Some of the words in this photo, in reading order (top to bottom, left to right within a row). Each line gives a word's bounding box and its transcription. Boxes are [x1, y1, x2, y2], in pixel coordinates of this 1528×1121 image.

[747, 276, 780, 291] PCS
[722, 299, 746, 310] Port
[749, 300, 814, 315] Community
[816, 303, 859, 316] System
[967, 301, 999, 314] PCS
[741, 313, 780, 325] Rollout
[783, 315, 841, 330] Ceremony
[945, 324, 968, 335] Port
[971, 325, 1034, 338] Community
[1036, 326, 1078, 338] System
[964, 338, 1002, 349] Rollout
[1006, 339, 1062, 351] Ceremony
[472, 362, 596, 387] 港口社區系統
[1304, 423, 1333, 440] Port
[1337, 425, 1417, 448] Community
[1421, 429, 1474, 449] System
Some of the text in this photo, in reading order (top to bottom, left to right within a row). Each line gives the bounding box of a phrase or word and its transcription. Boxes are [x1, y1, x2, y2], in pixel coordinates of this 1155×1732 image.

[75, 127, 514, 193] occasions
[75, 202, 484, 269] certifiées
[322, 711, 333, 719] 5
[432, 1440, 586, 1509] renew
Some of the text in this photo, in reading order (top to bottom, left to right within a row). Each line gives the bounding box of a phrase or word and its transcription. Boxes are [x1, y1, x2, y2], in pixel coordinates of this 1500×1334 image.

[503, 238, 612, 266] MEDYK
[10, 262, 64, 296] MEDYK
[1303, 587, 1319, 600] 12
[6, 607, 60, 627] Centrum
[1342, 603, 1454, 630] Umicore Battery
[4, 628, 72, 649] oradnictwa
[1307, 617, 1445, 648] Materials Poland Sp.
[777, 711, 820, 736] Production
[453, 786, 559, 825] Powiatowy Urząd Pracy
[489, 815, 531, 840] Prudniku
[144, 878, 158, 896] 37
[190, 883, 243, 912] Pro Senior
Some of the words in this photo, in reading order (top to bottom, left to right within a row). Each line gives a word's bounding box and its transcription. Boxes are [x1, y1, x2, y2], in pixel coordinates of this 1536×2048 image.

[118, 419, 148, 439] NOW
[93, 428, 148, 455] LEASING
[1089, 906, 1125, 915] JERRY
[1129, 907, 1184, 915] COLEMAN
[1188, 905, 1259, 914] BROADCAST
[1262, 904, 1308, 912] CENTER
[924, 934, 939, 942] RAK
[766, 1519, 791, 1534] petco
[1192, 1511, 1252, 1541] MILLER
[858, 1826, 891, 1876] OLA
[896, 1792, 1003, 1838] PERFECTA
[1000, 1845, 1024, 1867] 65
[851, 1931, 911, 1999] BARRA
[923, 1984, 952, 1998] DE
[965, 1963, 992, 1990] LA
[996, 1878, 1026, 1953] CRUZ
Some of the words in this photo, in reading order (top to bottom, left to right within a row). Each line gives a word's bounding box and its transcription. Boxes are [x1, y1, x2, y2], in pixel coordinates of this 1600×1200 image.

■ Assignment ■
All of the entries should be output exactly as they appear above.

■ Result for this task ■
Some of the words in this photo, in reading order (top to bottom, left to right within a row). Each line gives a word's bounding box and its transcription. Boxes are [x1, y1, x2, y2], in pixel coordinates of this 1528×1121 image.

[747, 276, 780, 291] PCS
[722, 299, 746, 310] Port
[749, 300, 814, 315] Community
[816, 303, 859, 316] System
[967, 301, 999, 314] PCS
[741, 313, 780, 325] Rollout
[783, 315, 841, 330] Ceremony
[945, 324, 968, 335] Port
[971, 325, 1034, 338] Community
[1036, 326, 1078, 338] System
[964, 338, 1002, 349] Rollout
[1006, 339, 1062, 351] Ceremony
[472, 362, 596, 387] 港口社區系統
[1304, 423, 1333, 440] Port
[1337, 425, 1417, 448] Community
[1421, 429, 1474, 449] System
Some of the text in this photo, in reading order (top to bottom, left to right within a row). Each line gives the bounding box of a phrase or word and its transcription. Boxes are [x1, y1, x2, y2], in pixel coordinates of this 1155×1732 image.

[75, 127, 514, 193] occasions
[75, 202, 484, 269] certifiées
[322, 711, 333, 719] 5
[432, 1440, 586, 1509] renew
Some of the text in this photo, in reading order (top to bottom, left to right within a row). Each line gives the bounding box of a phrase or word and its transcription. Boxes are [x1, y1, x2, y2], in pixel coordinates of this 1500×1334 image.

[503, 238, 612, 266] MEDYK
[10, 262, 64, 296] MEDYK
[1303, 587, 1319, 600] 12
[6, 607, 60, 627] Centrum
[1342, 603, 1454, 630] Umicore Battery
[4, 628, 72, 649] oradnictwa
[1307, 617, 1445, 648] Materials Poland Sp.
[777, 711, 820, 736] Production
[453, 786, 559, 825] Powiatowy Urząd Pracy
[489, 815, 531, 840] Prudniku
[144, 878, 158, 896] 37
[190, 883, 243, 912] Pro Senior
Some of the words in this photo, in reading order (top to bottom, left to right within a row). Each line gives a word's bounding box and its transcription. Boxes are [x1, y1, x2, y2], in pixel coordinates of this 1536×2048 image.

[118, 419, 148, 439] NOW
[93, 428, 148, 455] LEASING
[1089, 906, 1125, 915] JERRY
[1129, 907, 1184, 915] COLEMAN
[1188, 905, 1259, 914] BROADCAST
[1262, 904, 1308, 912] CENTER
[924, 934, 939, 942] RAK
[766, 1519, 791, 1534] petco
[1192, 1511, 1252, 1541] MILLER
[858, 1826, 891, 1876] OLA
[896, 1792, 1003, 1838] PERFECTA
[1000, 1845, 1024, 1867] 65
[851, 1931, 911, 1999] BARRA
[923, 1984, 952, 1998] DE
[965, 1963, 992, 1990] LA
[996, 1878, 1026, 1953] CRUZ
Some of the words in this photo, in reading order (top to bottom, left to right within a row). Each line gives a word's bounding box and its transcription. Boxes are [x1, y1, x2, y2], in pixel coordinates of this 1600×1200 image.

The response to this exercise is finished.